#### Task directions:
Please repeat the records exactly, keeping the pictures out.

#### Task inputs:
....................
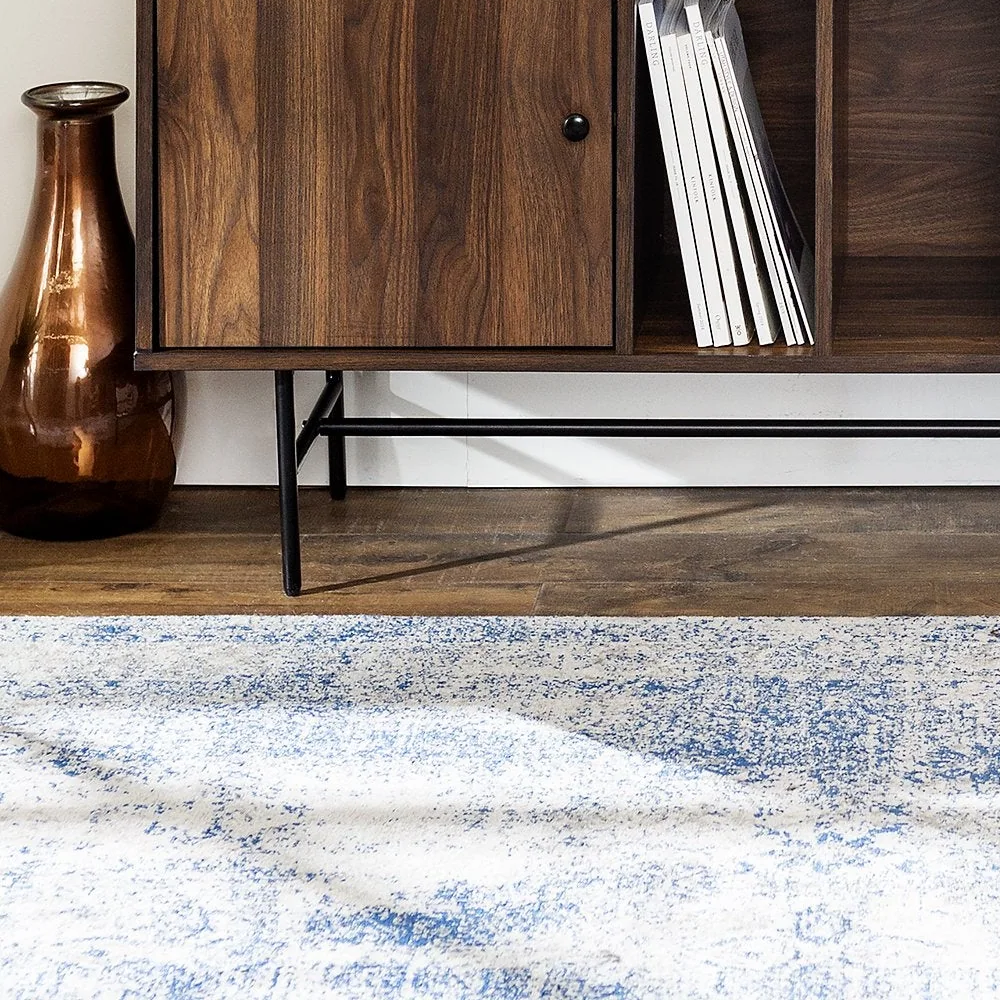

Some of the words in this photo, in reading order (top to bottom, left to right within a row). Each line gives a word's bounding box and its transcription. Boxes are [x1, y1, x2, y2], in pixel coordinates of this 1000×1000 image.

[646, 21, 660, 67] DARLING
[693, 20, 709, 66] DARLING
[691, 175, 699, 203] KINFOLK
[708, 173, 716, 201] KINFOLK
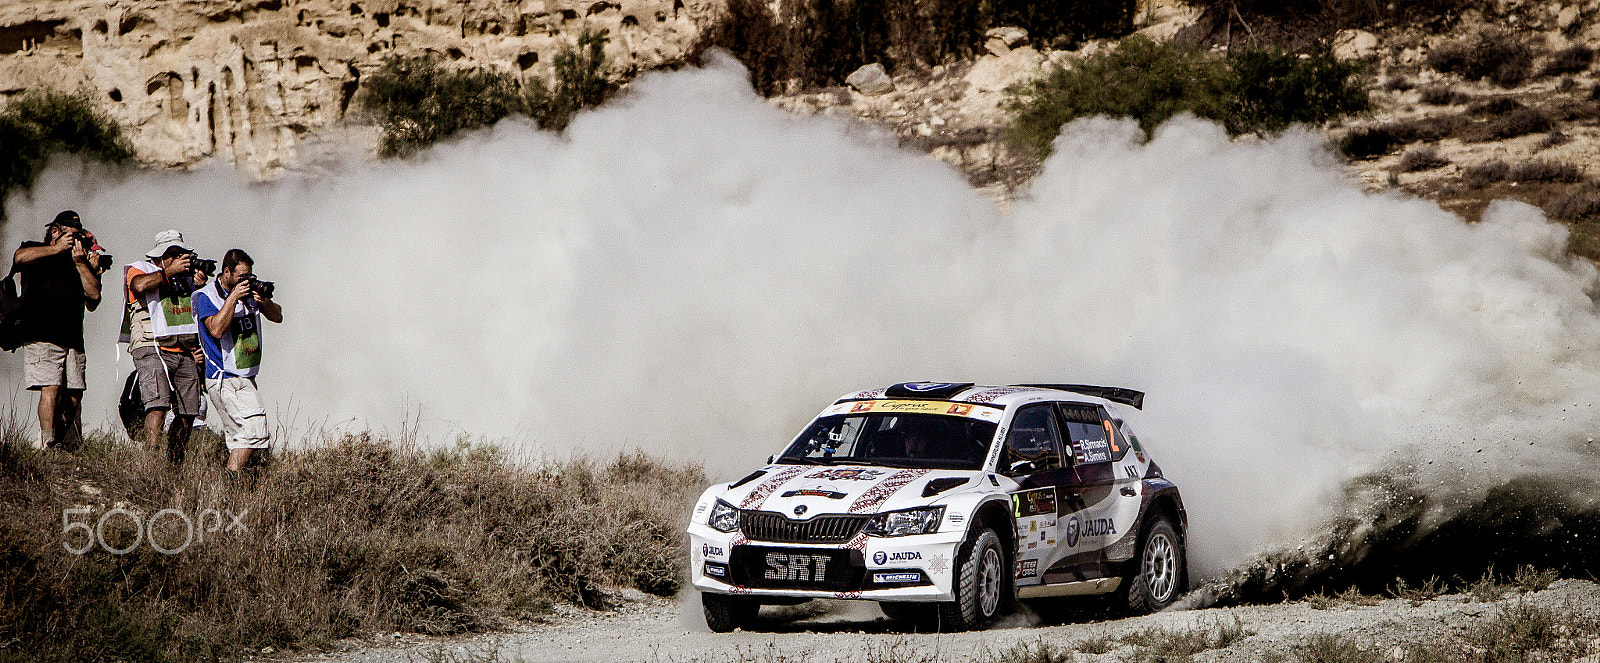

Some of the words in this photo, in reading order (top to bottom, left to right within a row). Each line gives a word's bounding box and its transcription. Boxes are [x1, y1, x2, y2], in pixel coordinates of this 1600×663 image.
....................
#### Solution:
Some of the words in this photo, in reading order (top to bottom, left to right within a row). Each line gives a word's bounding box and its transcription. Boxes are [x1, y1, x2, y2], in pixel coordinates of this 1000×1000 image.

[646, 21, 660, 67] DARLING
[693, 20, 709, 66] DARLING
[691, 175, 699, 203] KINFOLK
[708, 173, 716, 201] KINFOLK

Some of the words in this photo, in reading order (top to bottom, left to right within a row). Each line gives a word's bounding box and its transcription. Boxes are [x1, y1, x2, y2], in pixel coordinates of this 1600×663 image.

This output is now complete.